Sherene Hassan, an executive committee member of the Islamic Council
of Victoria, told Green Left Weekly she felt the Muslim community was
being "unfairly targeted" and that some of the so-called
anti-terrorism measures being canvassed were too radical.

"The Muslim community has done everything we can to condemn terrorism
and we don't have the legislative power to do more. ASIO would know
far more about the goings-on in the Muslim community than the
community itself. Any measures to counter terrorism that involve the
destruction of civil liberties are of concern to everyone."

Hassan pointed to the killing of the Brazilian man in London by police
"because he had brown skin" as evidence that cool heads have to
prevail to "make sure civil liberties aren't eroded".

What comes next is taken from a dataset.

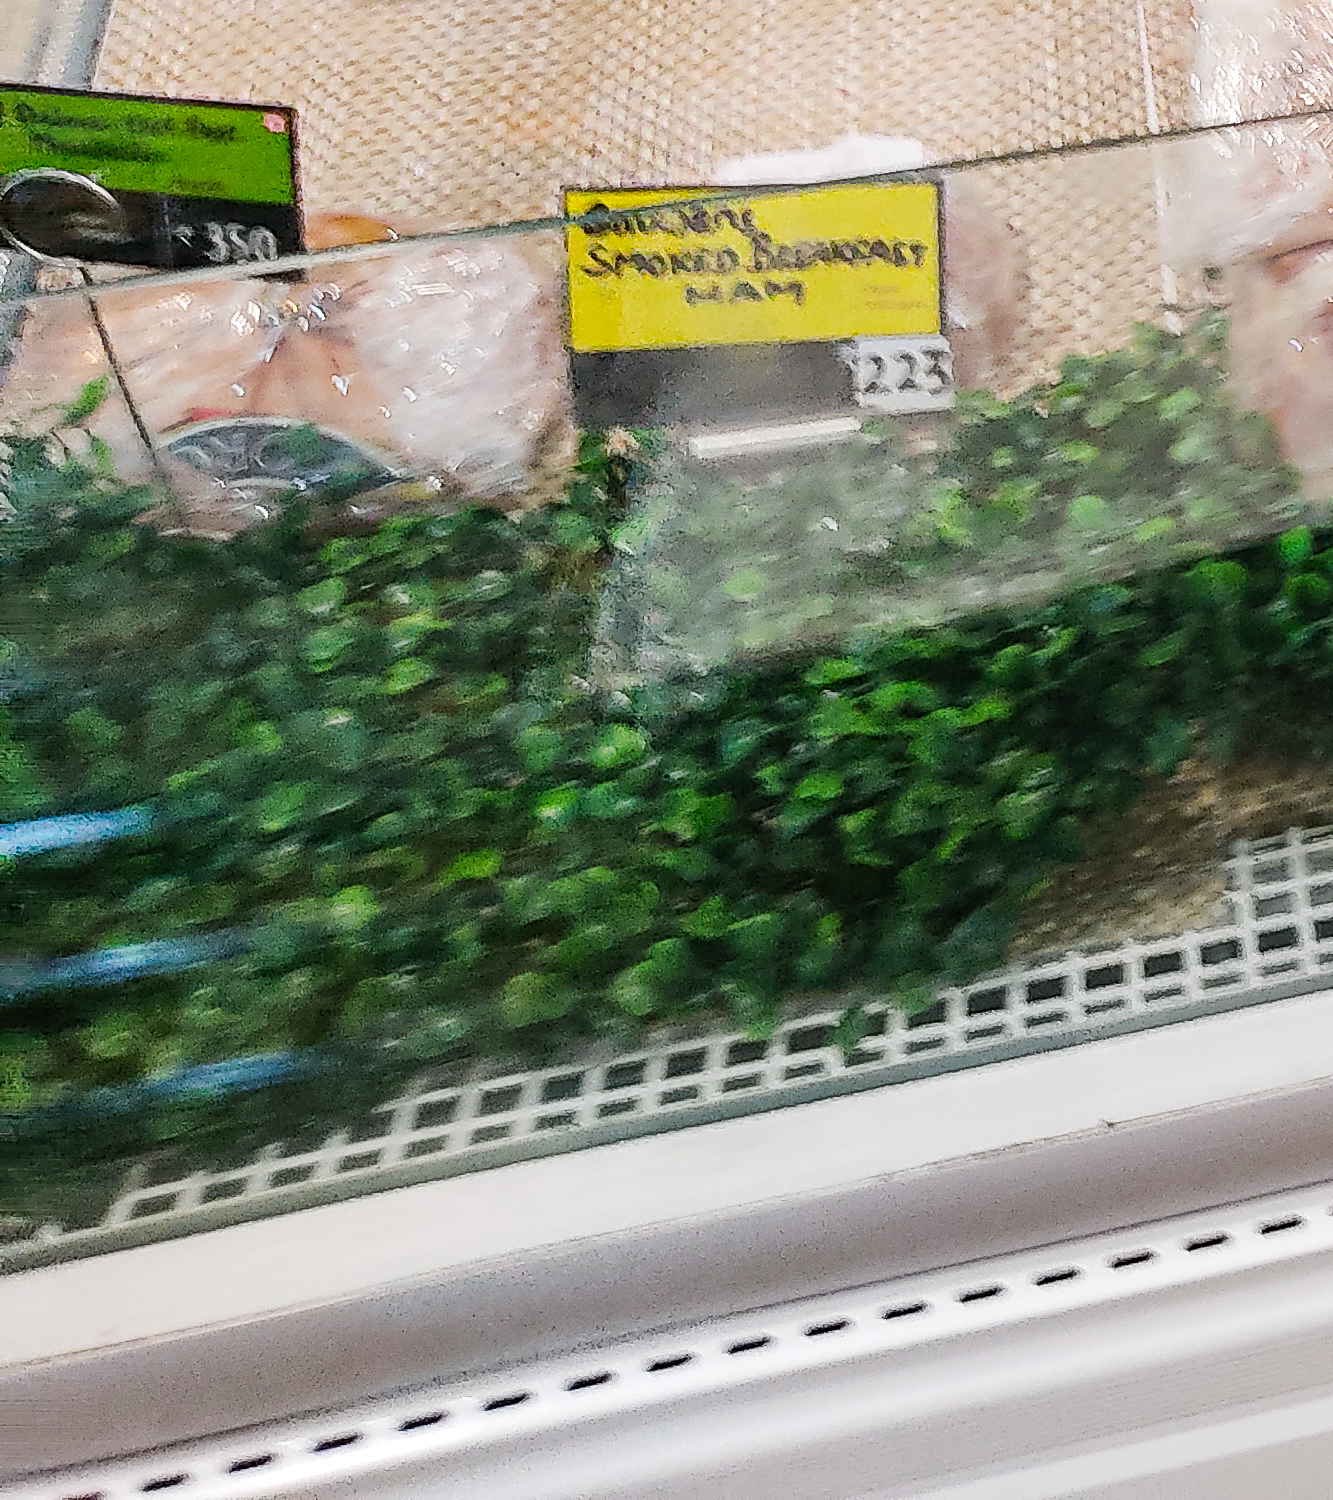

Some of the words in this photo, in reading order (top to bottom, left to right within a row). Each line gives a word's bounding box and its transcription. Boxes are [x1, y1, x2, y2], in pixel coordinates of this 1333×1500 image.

[581, 242, 740, 278] SMOKED
[685, 279, 806, 306] HAM
[862, 345, 952, 397] 223
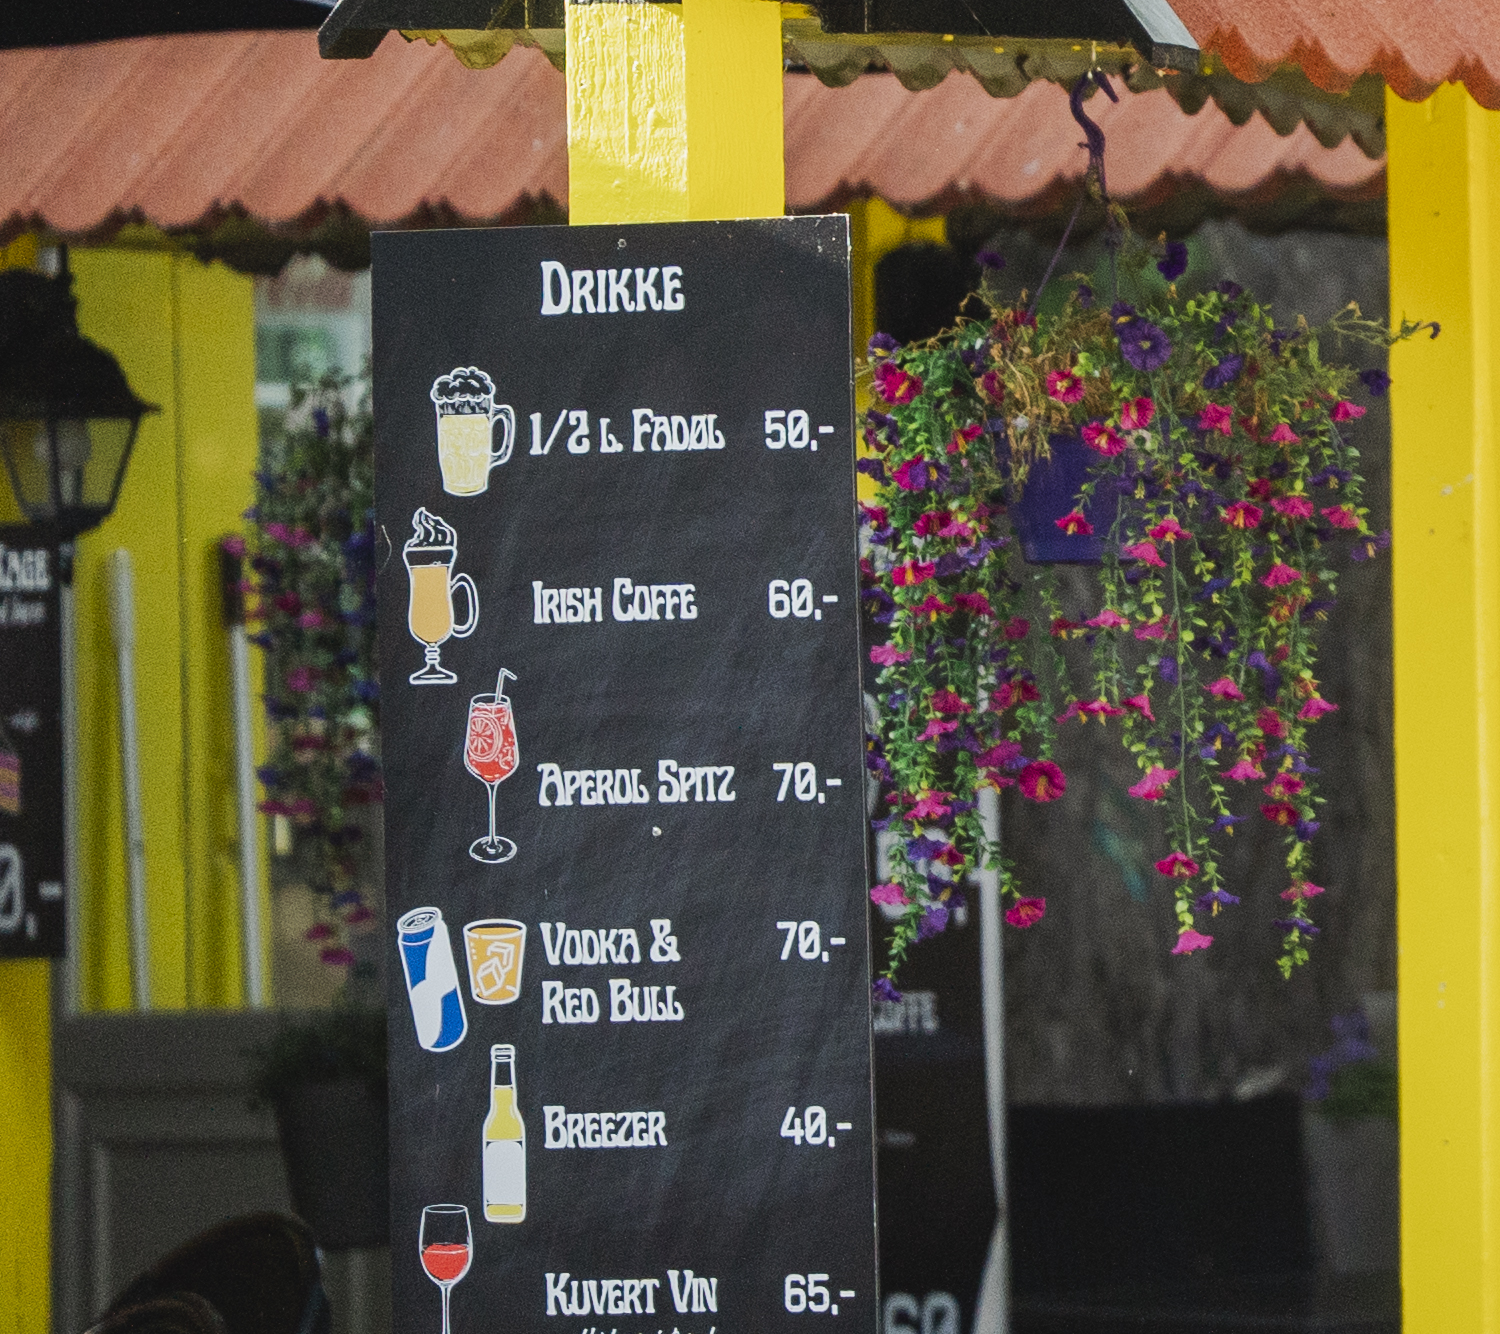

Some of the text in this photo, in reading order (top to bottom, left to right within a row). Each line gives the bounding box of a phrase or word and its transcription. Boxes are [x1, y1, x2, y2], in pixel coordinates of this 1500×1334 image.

Hassan said that the Islamic Council believed that there is a
"low-level anti-Muslim backlash" following the London
bombings. "People are feeling the tension in the street and the
supermarket."

Asked whether she thought withdrawing troops from Iraq and Afghanistan
would have an impact on the terror bombings, Hassan replied, "We
really don't know. But the invasion of Iraq certainly hasn't helped."

But Dalal Ouba, an activist in the Sydney Stop the War Coalition,
believes that Howard's "dangerous tunnel vision" and Australia's
participation in the wars has exacerbated the problem.

"There is a huge vacuum in Australia's democracy. Some political party
needs to stand up and say 'Howard, you are responsible for terrorism!
Get the troops out of Iraq and Afghanistan now!' We need to withdraw
before it is too late."

Keysar Trad from the Sydney-based Islamic Friendship Association of
Australia, said that the Australian government's response to the
London terrorist attacks showed it was "clutching at straws".

"They are trying to find all sorts of excuses for what's happening in
the world, without acknowledging that they've embarked on unjust
foreign policies which are impacting on security of the world."

In Trad's view, the withdrawal of troops from Iraq and Afghanistan is
not central to stemming the wave of terror bombings. Rather, he says
what will have most impact is if the government stops ascribing the
actions of terrorists to a religion - Islam.

"We don't accept that young men blew themselves up because they are
Muslim. The bombings in London and war in Iraq are politically
motivated, not religious conflicts", said Trad.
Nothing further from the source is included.